Tuesday, May 18, 2010

On high-stakes day, scandals play to partisan stereotypes

With big-ticket Senate primary contests in Kentucky, Pennsylvania and Arkansas fueling speculation about November's critical midterm elections, the last thing either major party needed was a breaking scandal to reinforce stereotyped voter images of Democratic and Republican weaknesses.
But that was the ugly specter greeting national party leaders as they faced the day's political news.
The front page of the New York Times Tuesday featured an explosive piece on presumptive Democratic U.S. Senate nominee Richard Blumenthal, Connecticut's attorney general.

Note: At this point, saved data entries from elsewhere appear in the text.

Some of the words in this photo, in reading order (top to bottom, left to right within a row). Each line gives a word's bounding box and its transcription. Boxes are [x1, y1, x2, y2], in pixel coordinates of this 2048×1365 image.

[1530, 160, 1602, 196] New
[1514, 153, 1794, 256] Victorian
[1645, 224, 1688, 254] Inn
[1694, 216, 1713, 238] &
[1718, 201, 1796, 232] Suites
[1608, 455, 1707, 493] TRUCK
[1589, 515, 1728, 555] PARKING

The Times reported that Blumenthal has misled voters into believing that he served in Vietnam when, in fact, he received five deferments and joined the Marine Corps Reserve to avoid fighting. Possibly with the help of a Republican candidate, the paper tracked down one occasion in which Blumenthal said he had served in Vietnam and others in which he implied it. At a news conference this afternoon, Blumenthal admitted that he has "misspoken" in claiming that he served in Vietnam but said it was "totally unintentional." Backed up by a group of military veterans, he said he meant to say he served "during Vietnam" instead of "in Vietnam."
Before Tuesday's story, Blumenthal was one of the few bright spots for Democrats coming into an increasingly bleak election cycle. He was the strong favorite to win the seat of retiring longtime Democratic Sen. Chris Dodd, and before this story he has had a sterling public reputation. The controversy reopens old wounds over Vietnam and the draft and gives life to old stereotypes of Democrats as weak on military issues.

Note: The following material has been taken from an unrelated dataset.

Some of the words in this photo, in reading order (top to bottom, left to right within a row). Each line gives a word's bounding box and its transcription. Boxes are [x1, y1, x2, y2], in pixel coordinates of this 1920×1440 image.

Meanwhile, GOP strategists awoke to the news that another prominent social conservative is embroiled in a sex scandal. Mark Souder, an eight-term Indiana congressman long allied with the GOP's social-conservative base,  announced that he is resigning Tuesday after admitting that he "sinned against God, my wife and my family by having a mutual relationship" with a staffer.
[Video: Souder resigns]
Liberal critics seized on Souder's conduct, noting his hard-line opposition to abortion, contraception and same-sex marriage in the name of "family values." The liberal news site TalkingPointsMemo.com (where I was previously employed), for instance, has already posted footage of Souder speaking out in favor of abstinence education in a video co-starring his mistress.
It's doubtful that either scandal will have much of an effect on today's voting. Both stories broke too late to reach most voters, and state primary balloters are choosing nominees for their own parties — not choosing between Democrats and Republicans.
But with the political media already in overdrive, ready to try to interpret the national mood based on the results of Tuesday's voting, neither major party wants to be reminded of how its standard-bearers are prone to misbehave.